Folha de S.Paulo e repórter são condenados a indenizar desembargador

Reportagem publicada em 2014 mostrava os maiores acervos de processos na área. Para desembargador citado, matéria causou danos “intensos e g

Atualizado em 22/07/2019 às 08:07, por Redação Portal IMPRENSA.

A 7ª Câmara de Direito Privado do Tribunal de Justiça de São Paulo condenou a Folha de S.Paulo e o jornalista Frederico Vasconcelos a indenizarem o desembargador Marco Antônio Cogan, da seção criminal do TJ, por uma reportagem sobre processos atrasados na Corte.
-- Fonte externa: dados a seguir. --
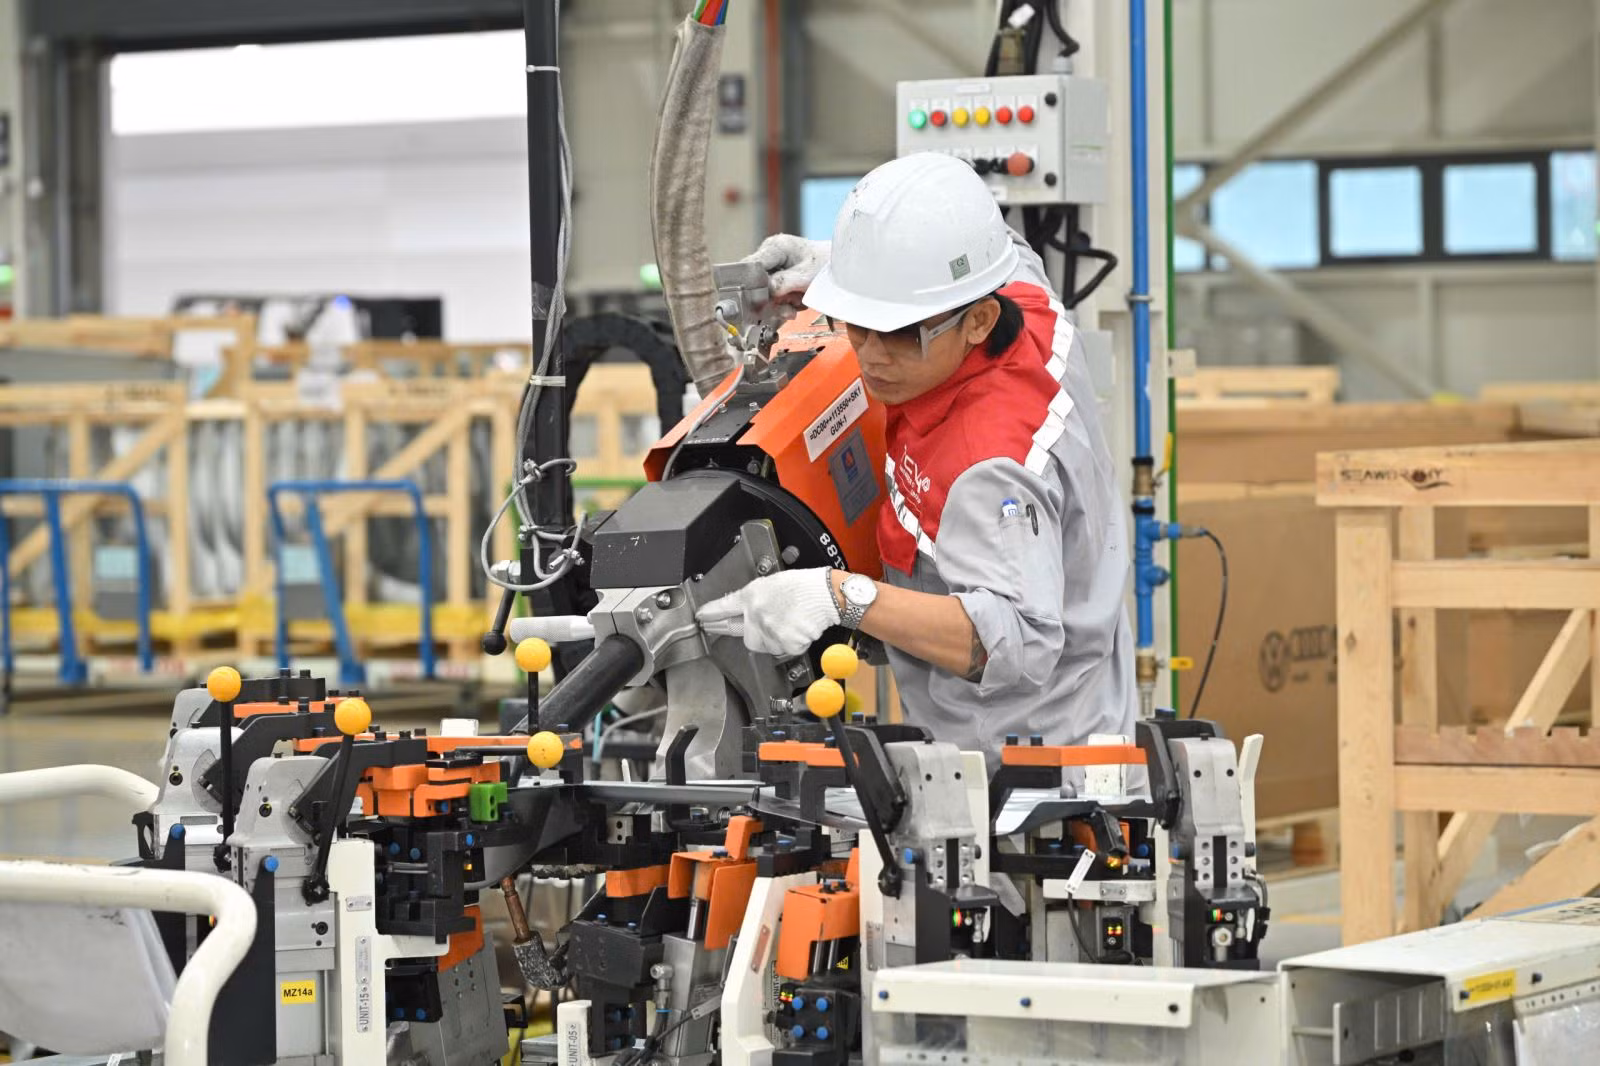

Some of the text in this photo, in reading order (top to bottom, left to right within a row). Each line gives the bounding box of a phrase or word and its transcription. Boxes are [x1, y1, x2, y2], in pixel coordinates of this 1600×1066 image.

[830, 415, 848, 436] GUN-1
[283, 988, 313, 998] MZ14a
[359, 993, 369, 1025] UNIT-15
[568, 1030, 578, 1063] UNIT-05
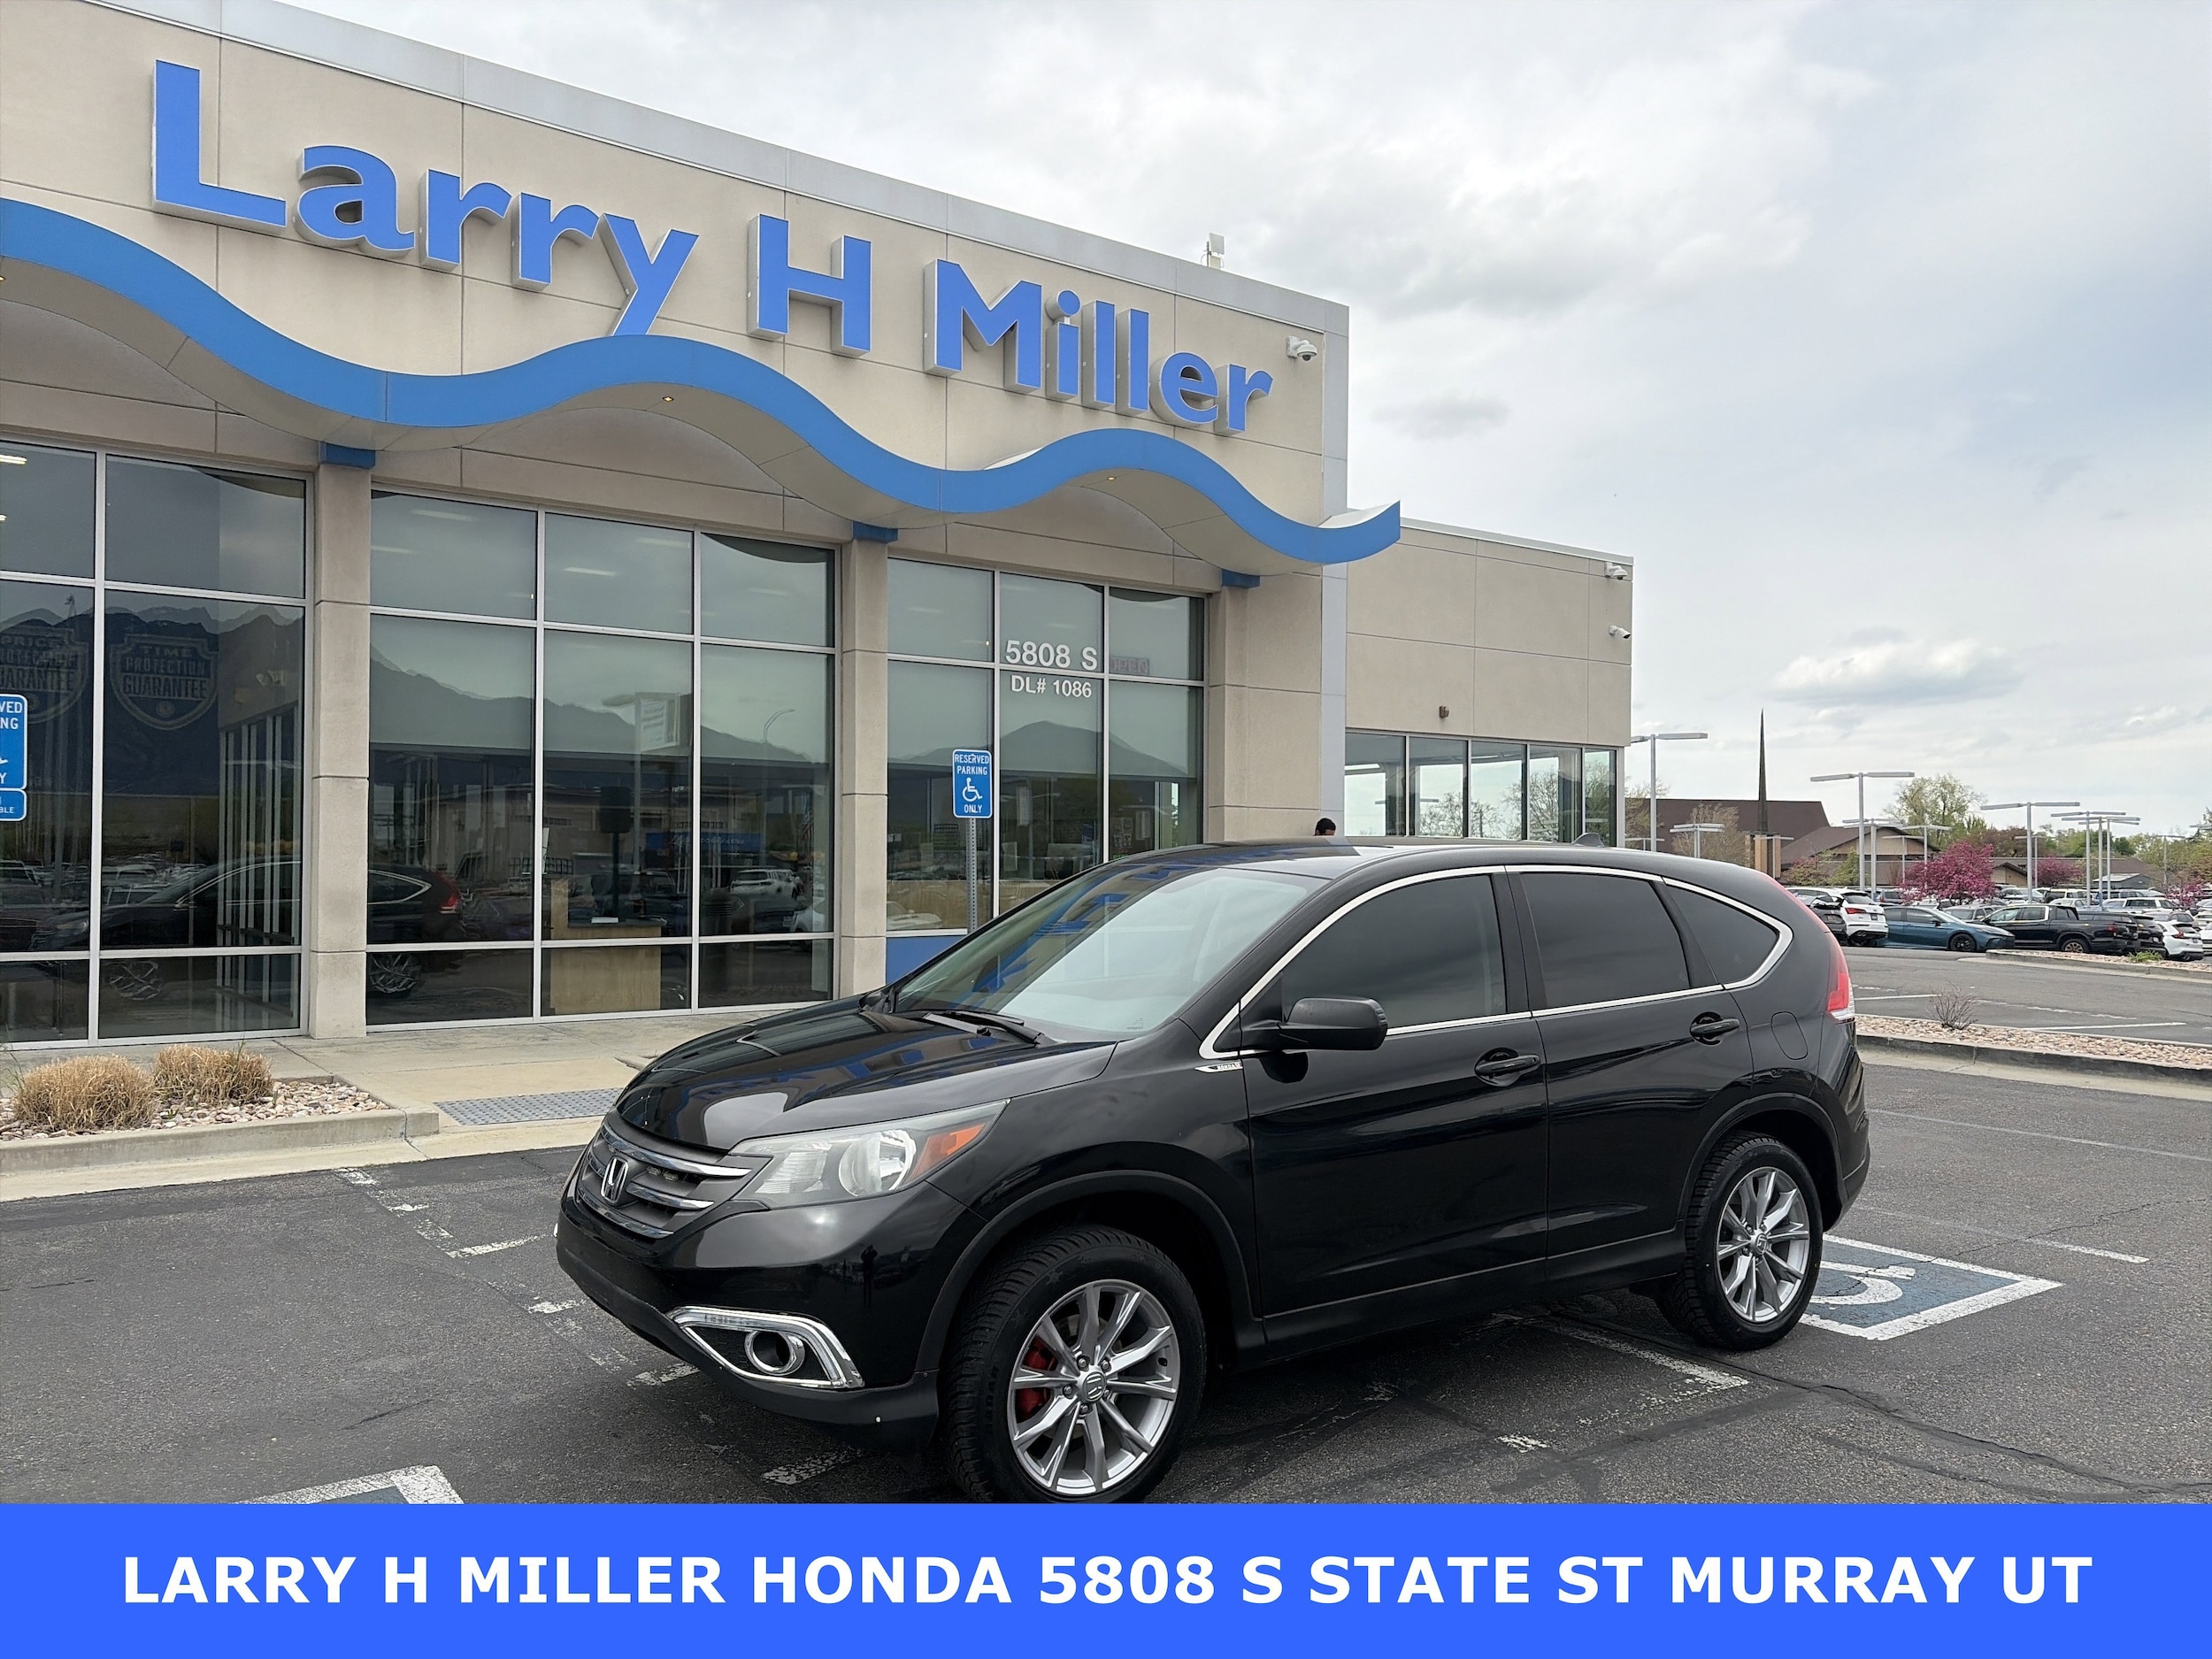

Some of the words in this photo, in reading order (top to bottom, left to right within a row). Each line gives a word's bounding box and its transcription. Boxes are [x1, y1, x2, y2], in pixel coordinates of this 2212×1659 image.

[153, 59, 699, 336] Larry
[748, 213, 872, 356] H
[923, 258, 1273, 437] Miller
[140, 645, 192, 657] TIME
[1005, 639, 1071, 668] 5808
[1081, 646, 1098, 671] S
[126, 656, 205, 676] PROTECTION
[123, 674, 208, 699] GUARANTEE
[1011, 674, 1047, 694] DL#
[1053, 679, 1093, 698] 1086
[955, 753, 989, 764] RESERVED
[956, 765, 988, 775] PARKING
[964, 803, 982, 813] ONLY
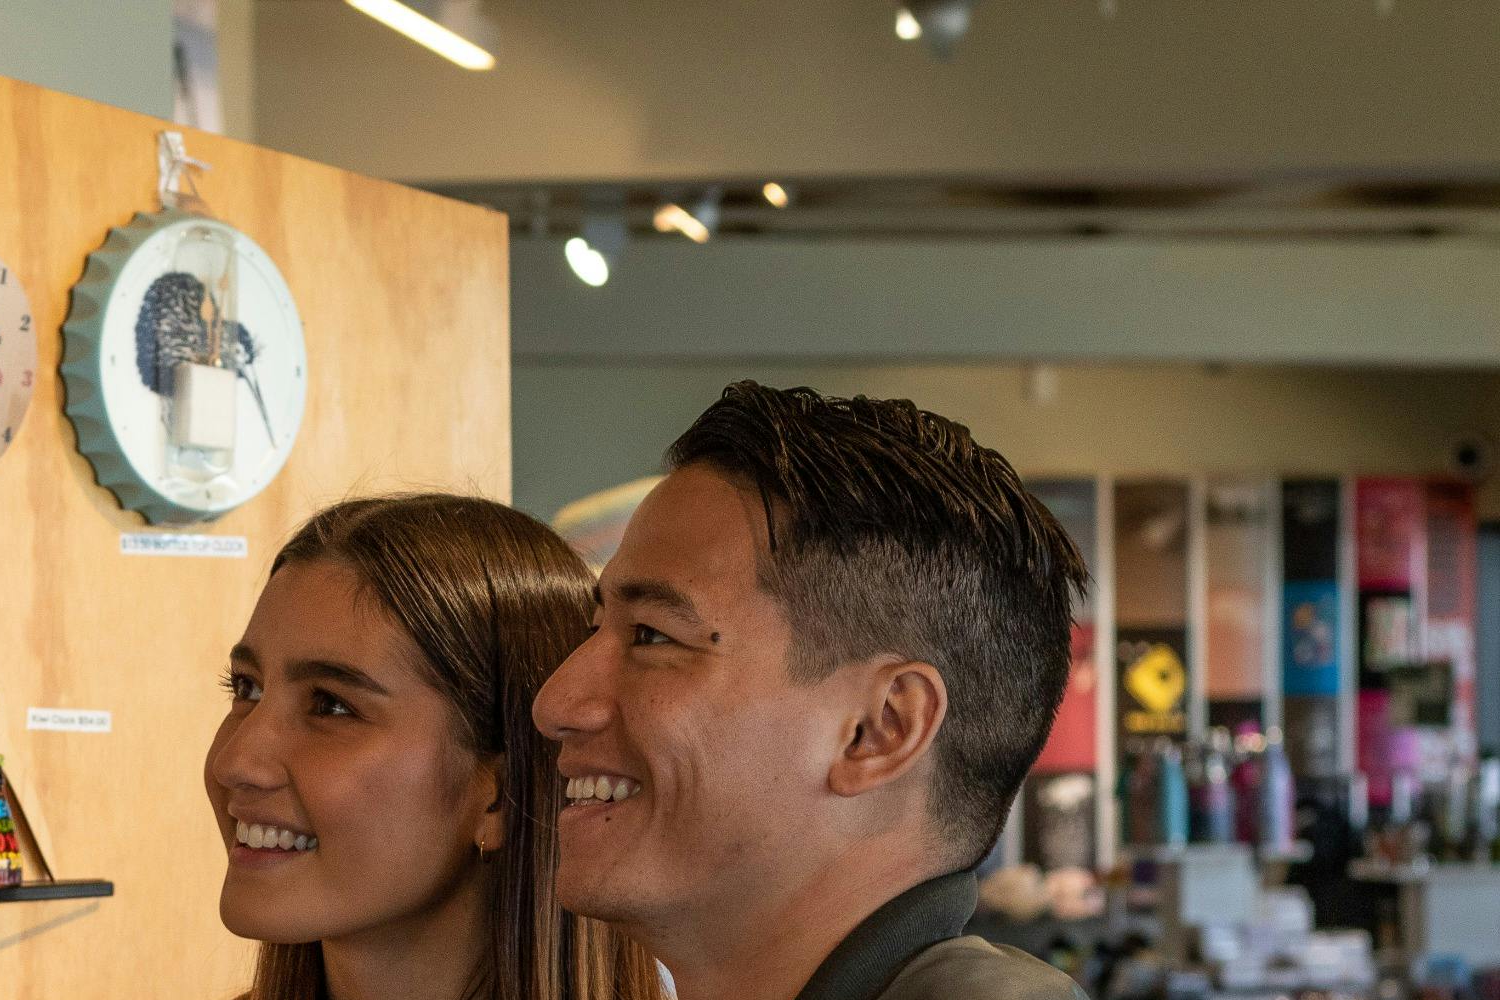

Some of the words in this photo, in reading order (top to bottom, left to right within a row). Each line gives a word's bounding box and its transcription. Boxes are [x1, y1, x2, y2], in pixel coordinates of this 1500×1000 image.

A indenização foi fixada em R$ 20 mil.
Crédito:Reprodução

A reportagem, publicada em dezembro de 2014, cita Cogan como tendo um dos maiores acervos de processos na área e mostra um infográfico quais são as seções com mais processos acumulados.
O magistrado alega que a notícia é “sensacionalista e inverídica, produzida com dolo e irresponsabilidade por repórter dedicado, diuturnamente, a tecer críticas ao Poder Judiciário” e causou dano “intensos e gravíssimos para a sua saúde e moral”.

Para o relator do caso, desembargador Rômolo Russo, as palavras escolhidas na reportagem são “nitidamente lesivo, desproporcional e destorcido da realidade da judicatura do apelante”. Para ele, o direito à liberdade de manifestação e de imprensa se contrapõe ao direito do magistrado acerca da "preservação de sua honra profissional e imagem privada e pública, vértice da dignidade do homem, todos constitucionalmente assegurados".